Der Reichskanzler erwiderte, daß er für die erbetene Aussprache sehr dankbar sei.

Die Reichsregierung müsse nach wie vor entscheidenden Wert darauf legen, daß der Reichstag sich bis in den Herbst hinein vertage. Er sei durchaus bereit, einzustimmen in eine Vertagung bis Oktober. Nach seiner Meinung sei es äußerst gefährlich, den Reichstag zur Zeit noch länger zusammenzuhalten. Je länger er hier bliebe, desto weitergehende Wünsche würden von den einzelnen Parteien verfolgt. Die Regierung müsse jetzt Ruhe haben, um die im Interesse von Volk und Vaterland liegenden Maßnahmen treffen zu können. S. seien z. B. 700 Millionen [RM] für die Arbeitslosenversicherung, Krisenunterstützung und Wohlfahrtspflege erforderlich. Da es nicht möglich sei, diese Summe von neuen Steuern aufzubringen, müßten andere Maßnahmen ergriffen werden.
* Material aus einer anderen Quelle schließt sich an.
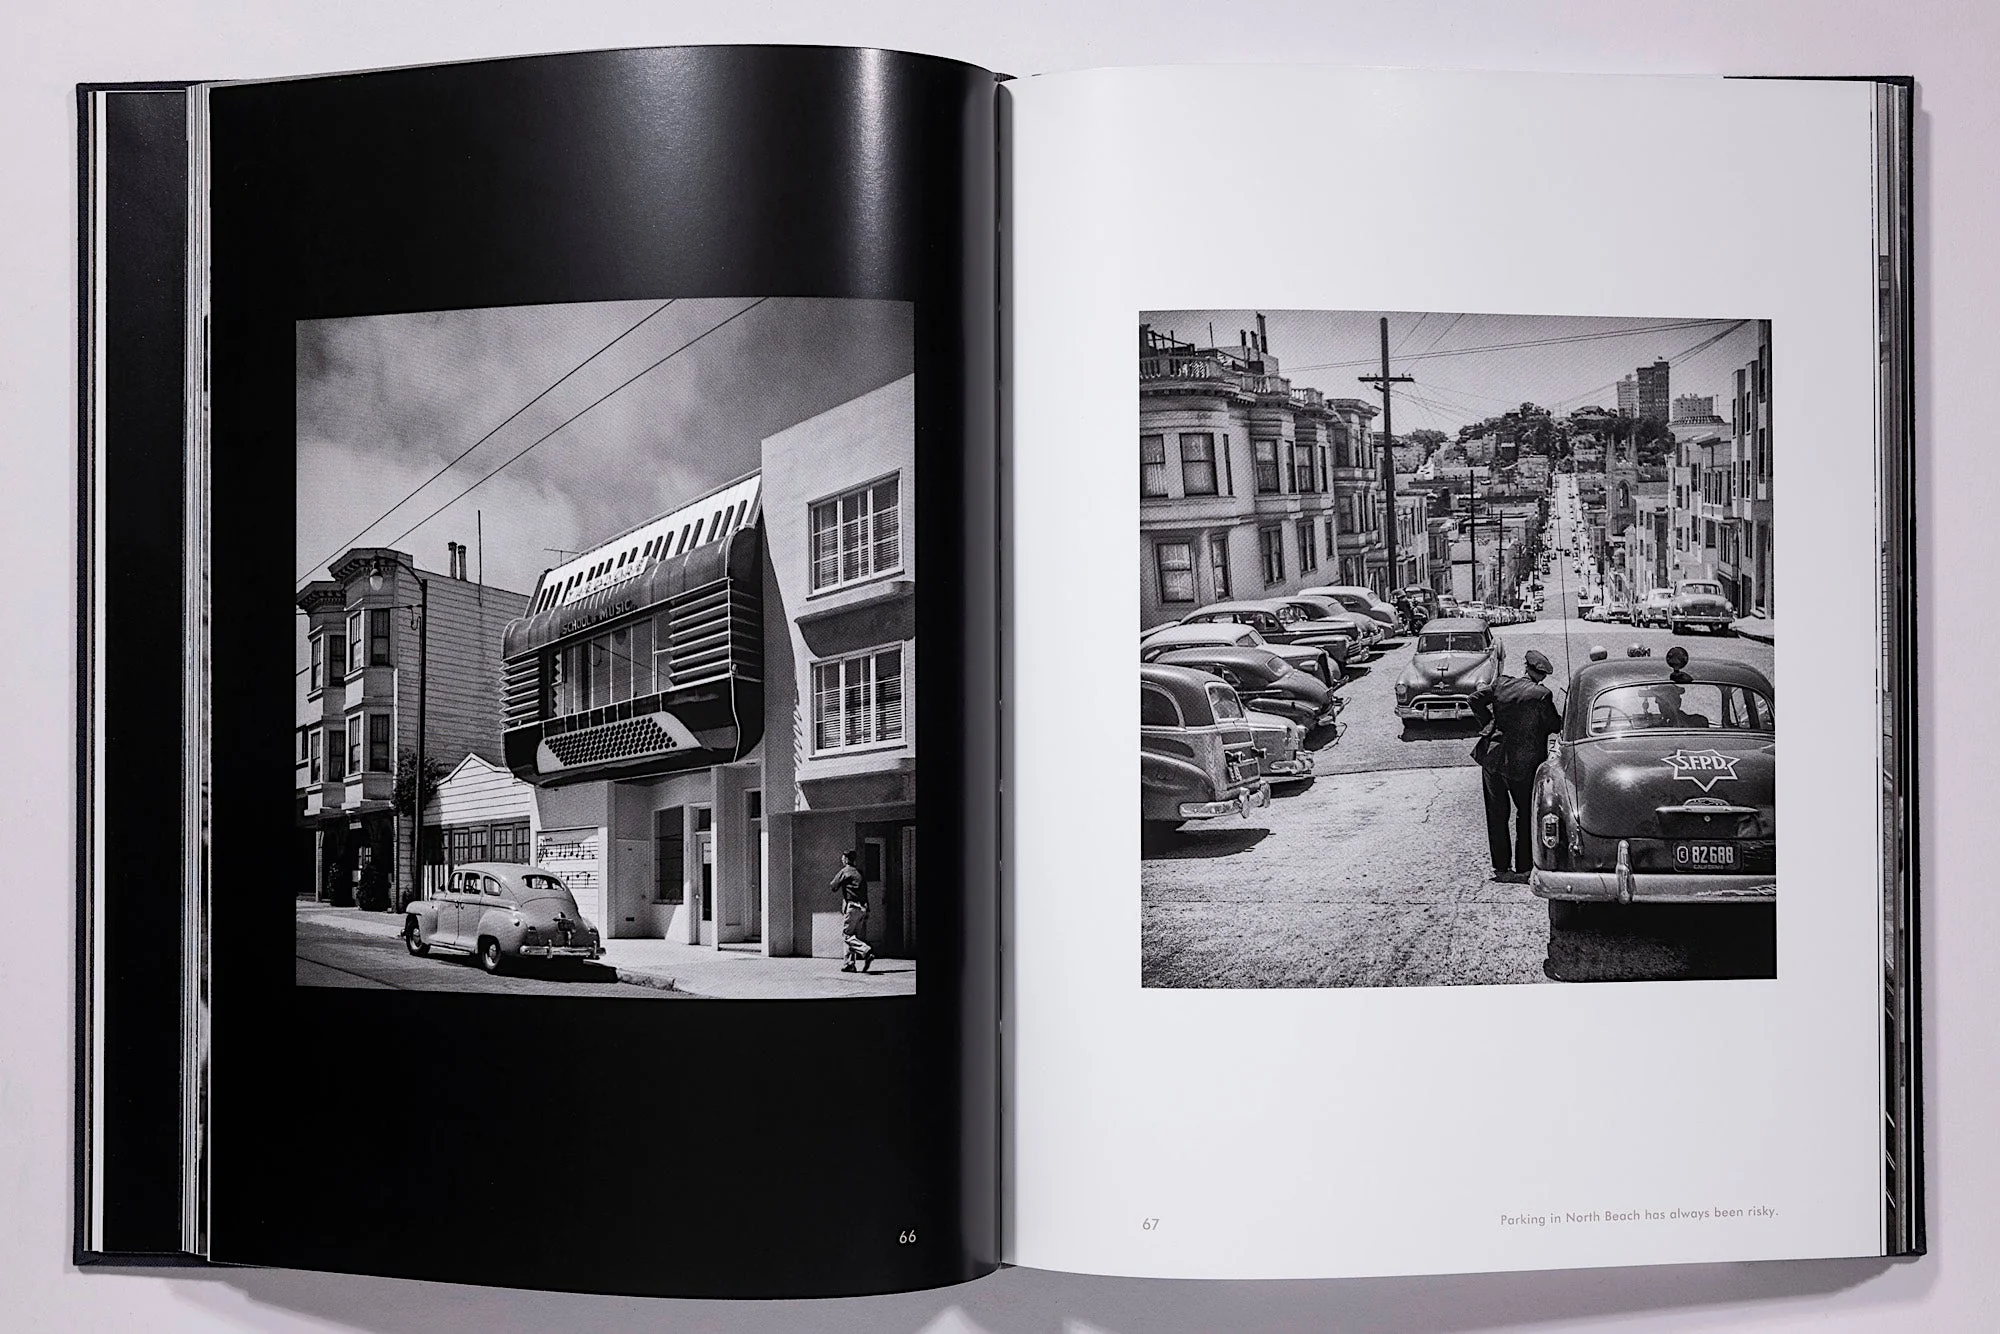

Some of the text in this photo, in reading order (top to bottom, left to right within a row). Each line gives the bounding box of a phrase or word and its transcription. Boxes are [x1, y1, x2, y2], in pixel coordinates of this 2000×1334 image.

[562, 614, 592, 635] SCHOOL
[599, 599, 632, 621] MUSIC
[1676, 755, 1728, 770] S.F.P.D.
[1500, 1205, 1779, 1227] Parking in North Beach has always been risky.
[1142, 1217, 1160, 1231] 67
[899, 1229, 917, 1244] 66
Auf außenpolitischem Gebiet seien sehr baldige Verhandlungen notwendig, die aber nicht geführt werden können, wenn der Reichstag unter Beteiligung der Rechtsopposition anwesend sei. In diesem Zusammenhang wies der Herr Reichskanzler auf die politische Einstellung der Nationalsozialisten und der Deutschnationalen hin und führte aus, daß es nach seinen Meldungen zutreffend sei, daß die Nationalsozialisten und Hugenberg in der Zwischenzeit enger zusammengekommen seien. Außerdem sei für eine längere Vertagung des Parlaments entscheidend, daß die Ressorts gar nicht mehr in der Lage seien, die ungeheuren Arbeiten zu leisten, wenn das Parlament anwesend sei. Das Risiko, im Sommer eine Tagung abzuhalten, sei für ihn und die Reichsregierung zu groß.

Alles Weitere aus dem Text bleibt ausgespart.